After Schilling shines, Tavarez gets slammed

June 14, 2006|Chris Snow, Globe Staff

MINNEAPOLIS -- Last night's game, on paper, had the look of a pitching duel that comes along once or twice a season: Johan Santana (6-4, 3.16 ERA) vs. Curt Schilling (9-2, 3.81), the guy who won the 2004 Cy Young against the guy who placed second. And, as is often the case in life, the event did not live up to the hype; in this case, it exceeded it.

``I knew from jump street he was on," Schilling later said. ``I knew he was going to have to make one mistake for us to win."

Santana, for eight spellbinding innings, was channeling Randy Johnson, amassing 13 strikeouts, the highest total by a lefthander against the Sox since 1972 with the exception of that man. Mickey Lolich, in 1972, fanned 15 Red Sox, and Johnson matched that in 1998. Santana walked no one and found the plate with 75 of his 102 pitches.

``Did he look nasty from up there?" David Ortiz asked the assembled writers.

Schilling, for eight workmanlike innings, was managing the game and himself, getting double plays when he needed them, facing just 19 batters through six innings, and exiting with eight fewer K's than Santana but an equivalent end result: one run allowed. Both gave up just a single run, on a solo homer, in the seventh (Jason Varitek homered for the Sox; Michael Cuddyer for the Twins).

But, in the 12th, the quality arms had come and gone: Schilling, Jonathan Papelbon, and Mike Timlin for the Sox; Santana, Joe Nathan, and Juan Rincon for the Twins. That left the game in the hands of Jesse Crain and Julian Tavarez. Crain allowed a run on an Alex Gonzalez fielder's choice, putting the Sox ahead, 2-1. But Tavarez, usually of value because he sinks the ball, loaded the bases, hitting Cuddyer, allowing a scorched ground-rule double to Justin Morneau, and intentionally walking Torii Hunter to load the bases and set up a double play.

That brought up Jason Kubel, who, with the count full, hit a ball so high that it disappeared against the Metrodome's white roof. It was against that blank canvas that with one brushstroke he created a masterpiece: a walkoff grand slam for a 5-2 win.

``It was a grind game," Schilling said, explaining why he told his manager he'd had enough after 91 pitches, 17 fewer than his season average. The Sox could have used more out of him, but he wasn't able to provide it.

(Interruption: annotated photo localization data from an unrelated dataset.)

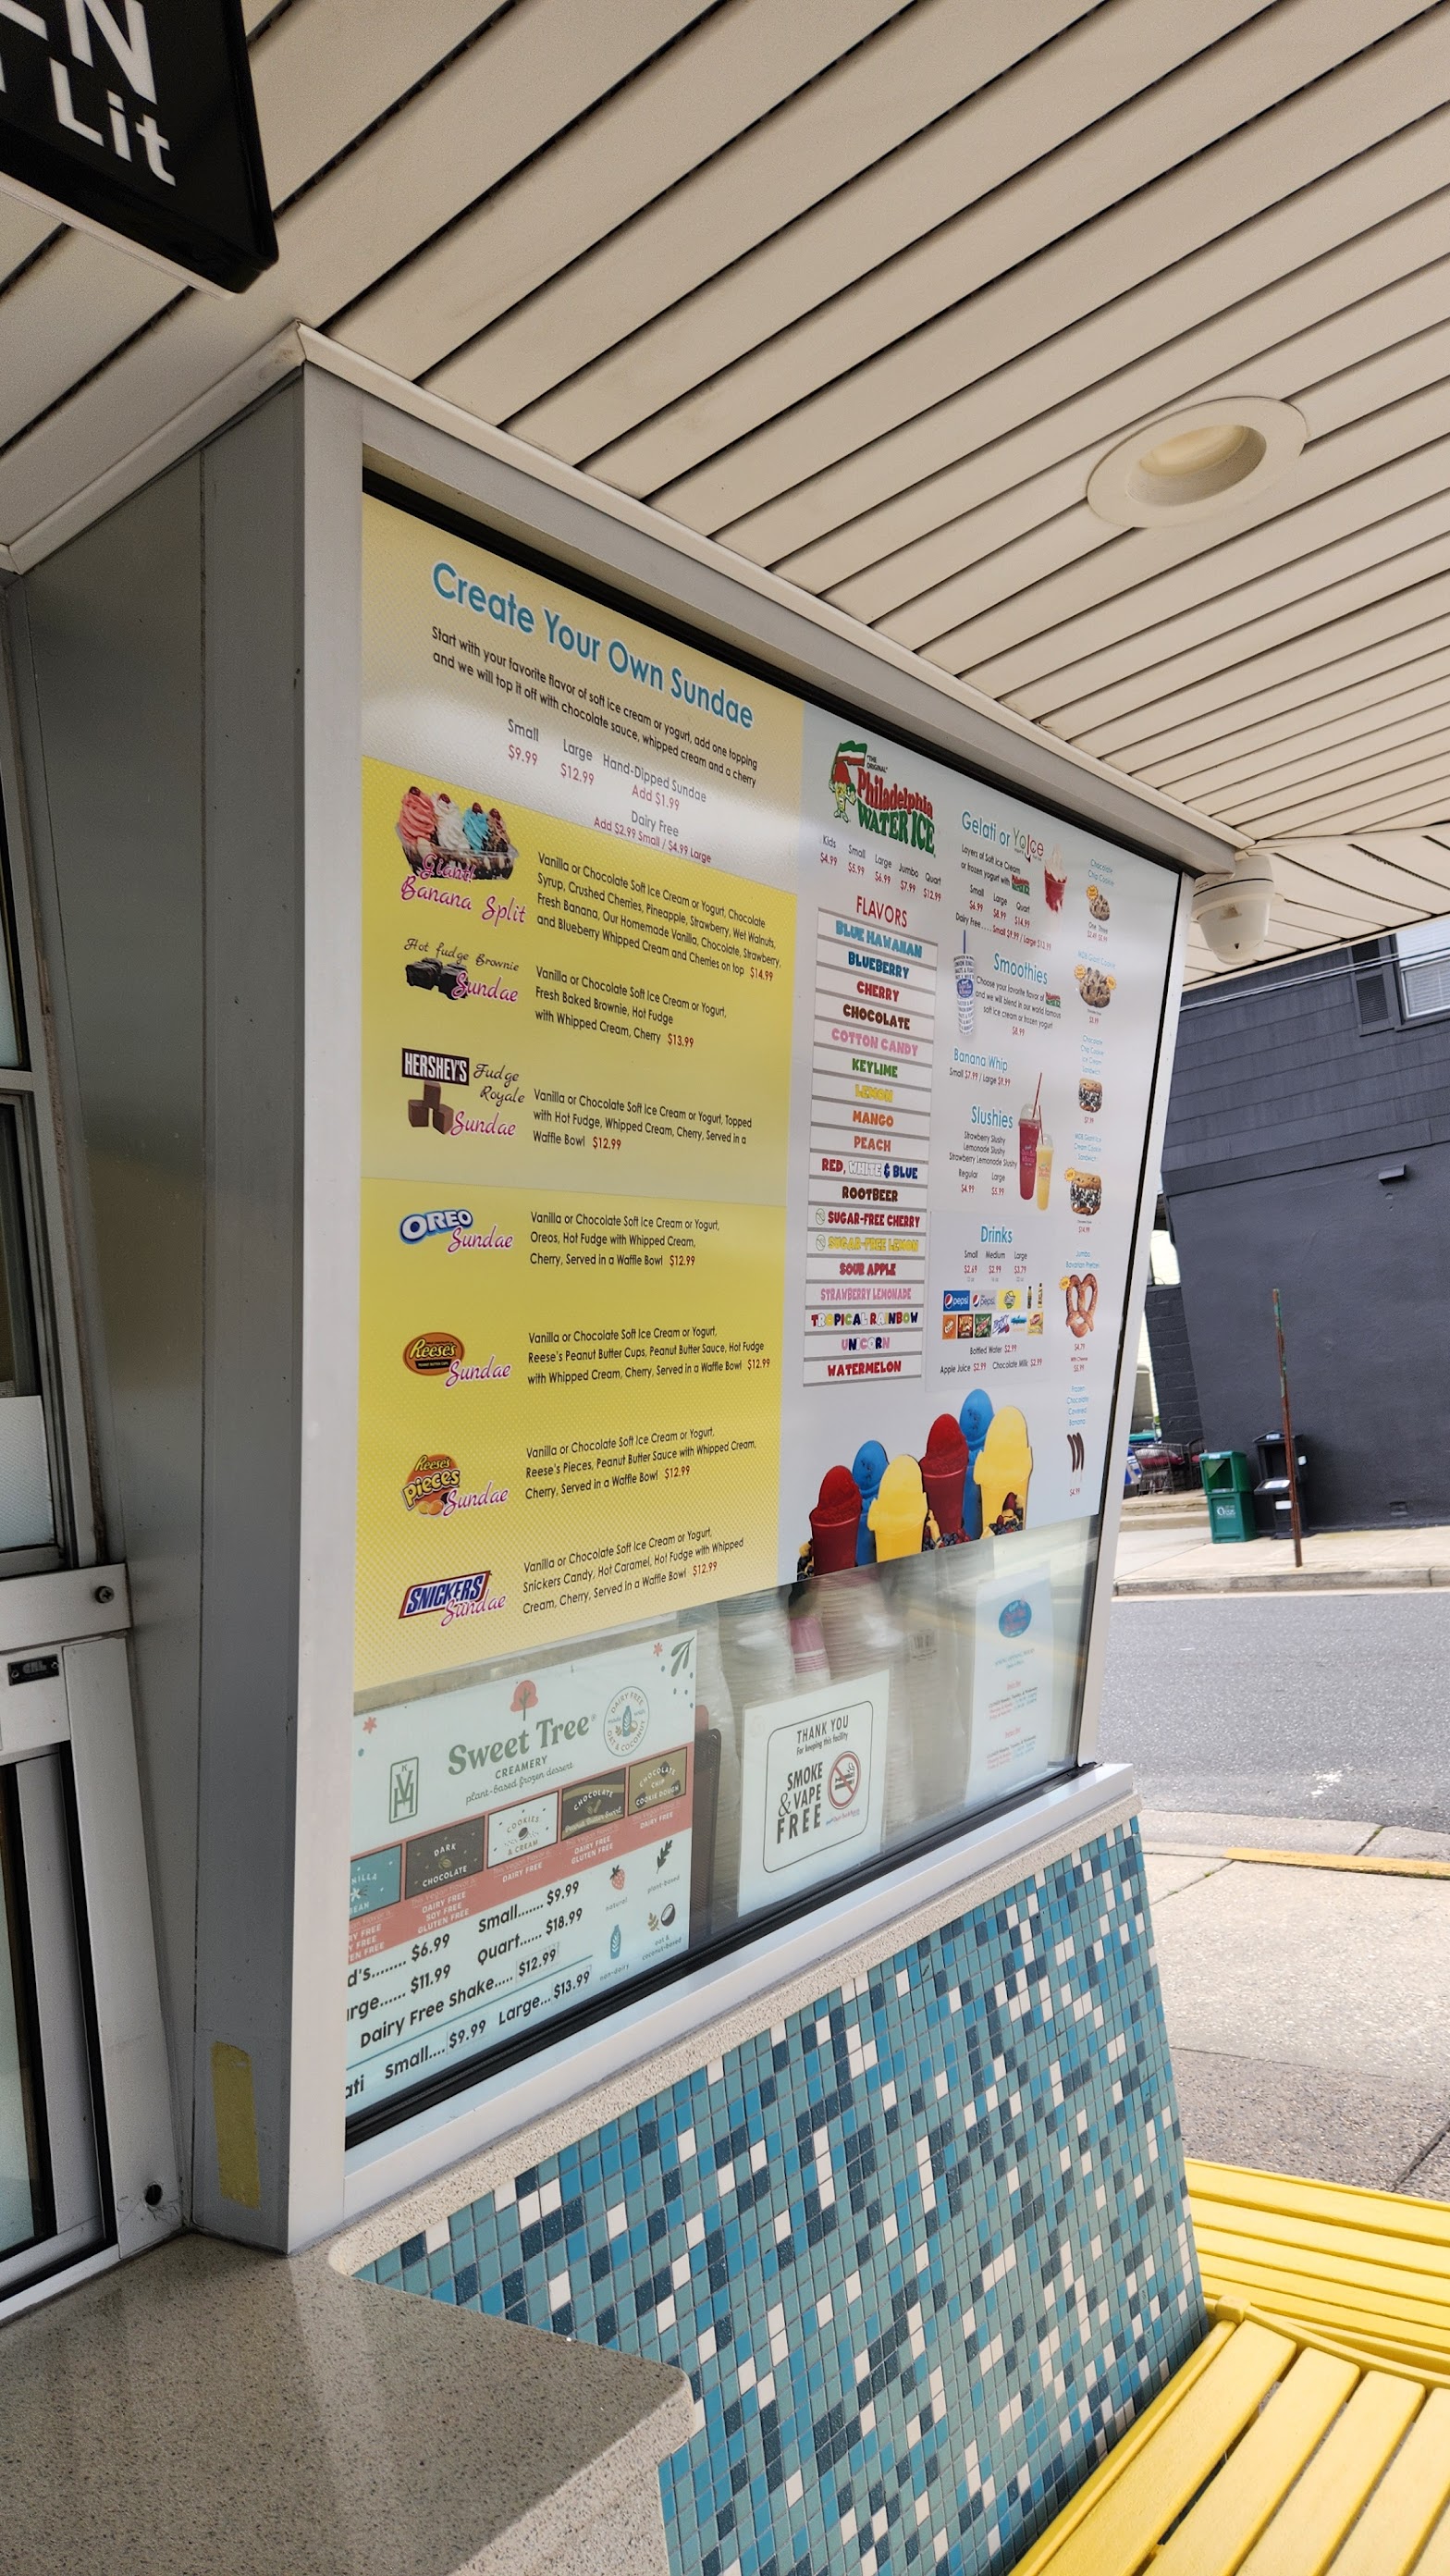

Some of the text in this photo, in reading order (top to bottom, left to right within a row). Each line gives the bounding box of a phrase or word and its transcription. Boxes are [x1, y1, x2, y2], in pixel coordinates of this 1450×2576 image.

[49, 56, 176, 187] Lit
[432, 562, 754, 730] Create Your Own Sundae
[431, 625, 456, 647] Start
[458, 639, 480, 658] with
[483, 649, 507, 667] your
[509, 657, 546, 684] favorite
[548, 673, 575, 696] flavor
[577, 687, 587, 700] of
[588, 693, 605, 708] soft
[607, 696, 621, 714] ice
[622, 708, 651, 726] cream
[653, 720, 662, 731] or
[694, 736, 710, 750] add
[712, 744, 727, 758] one
[729, 747, 757, 771] topping
[508, 719, 707, 803] Small Large Hand-Dipped Sundae
[508, 744, 680, 811] $9.99 $12.99 Add $1.99
[857, 768, 933, 820] Philadelphia
[632, 810, 679, 837] Dairy Free
[857, 798, 935, 855] WATER ICE
[962, 810, 996, 844] Gelati
[999, 832, 1011, 845] or
[594, 817, 611, 832] Add
[615, 822, 635, 840] $2.99
[639, 830, 661, 847] Small
[669, 838, 688, 857] $4.99
[690, 845, 711, 864] Large
[421, 854, 476, 882] Giant!
[823, 835, 940, 885] Kids Small Large Jumbo Quart
[820, 853, 941, 902] $4.99 $5.99 $6.99 $7.99 $12.99
[400, 874, 526, 927] Banana Split
[857, 895, 907, 928] FLAVORS
[970, 884, 1029, 913] Small Large Quart
[969, 900, 1029, 928] $6.99 $8.99 $14.99
[836, 920, 864, 939] BLUE
[403, 938, 429, 952] Hot
[475, 953, 519, 972] Brownie
[848, 952, 909, 980] BLUEBERRY
[993, 953, 1048, 985] Smoothies
[451, 971, 519, 1004] Sundae
[857, 981, 899, 1002] CHERRY
[535, 1009, 694, 1048] with Whipped Cream, Cherry $13.99
[843, 1004, 910, 1030] CHOCOLATE
[1013, 1026, 1025, 1037] $8.99
[831, 1028, 918, 1056] COTTON CANDY
[404, 1052, 519, 1086] HERSHEY'S Fudge
[852, 1058, 898, 1078] KEYLIME
[953, 1048, 1008, 1073] Banana Whip
[479, 1085, 524, 1107] Royale
[855, 1084, 893, 1103] LEMON
[449, 1111, 516, 1137] Sundae
[853, 1111, 894, 1127] MANGO
[971, 1105, 1014, 1129] Slushies
[854, 1136, 891, 1152] PEACH
[821, 1158, 917, 1179] RED, WHITE & BLUE
[842, 1186, 898, 1202] ROOTBEER
[400, 1210, 473, 1241] OREO
[828, 1211, 920, 1227] SUGAR-FREE CHERRY
[447, 1225, 513, 1252] Sundae
[828, 1237, 918, 1252] SUGAR-FREE LEMON
[980, 1226, 1013, 1244] Drinks
[529, 1252, 694, 1267] Cherry, Served in a Waffle Bowl $12.99
[840, 1263, 896, 1276] SOUR APPLE
[820, 1288, 911, 1301] STRAWBERRY LEMONADE
[811, 1312, 918, 1326] TROPICAL RAINBOW
[842, 1337, 890, 1350] UNICORN
[445, 1355, 511, 1387] Sundae
[828, 1361, 902, 1377] WATERMELON
[442, 1482, 510, 1517] Sundae
[405, 1574, 485, 1612] SNICKERS
[440, 1585, 506, 1627] Sundae
[796, 1746, 805, 1756] For
[805, 1741, 822, 1754] keeping
[832, 1732, 848, 1743] facility
[797, 1716, 849, 1744] THANK YOU
[448, 1714, 590, 1776] Sweet Tree
[495, 1755, 547, 1779] CREAMERY
[787, 1762, 823, 1792] SMOKE
[465, 1761, 574, 1806] plant-based frozen dessert
[778, 1783, 821, 1818] & VAPE
[777, 1804, 821, 1844] FREE
[434, 1843, 456, 1856] DARK
[423, 1866, 467, 1887] CHOCOLATE
[547, 1880, 579, 1907] $9.99
[546, 1907, 583, 1936] $18.99
[412, 1933, 450, 1962] $6.99
[518, 1948, 556, 1978] $12.99
[411, 1965, 450, 1994] $11.99
[553, 1970, 590, 2000] $13.99
[361, 2001, 444, 2048] Dairy Free
[449, 2020, 486, 2049] $9.99

For eight innings, though, he was as good as he's been this year. The control freak had not walked anyone in six games covering 34 1/3 innings and had not walked the leadoff hitter in any of the 88 innings he'd begun before last night. But this night began with a walk of Luis Castillo. Still, Castillo was erased moments later when Lew Ford grounded into a double play begun by Gonzalez.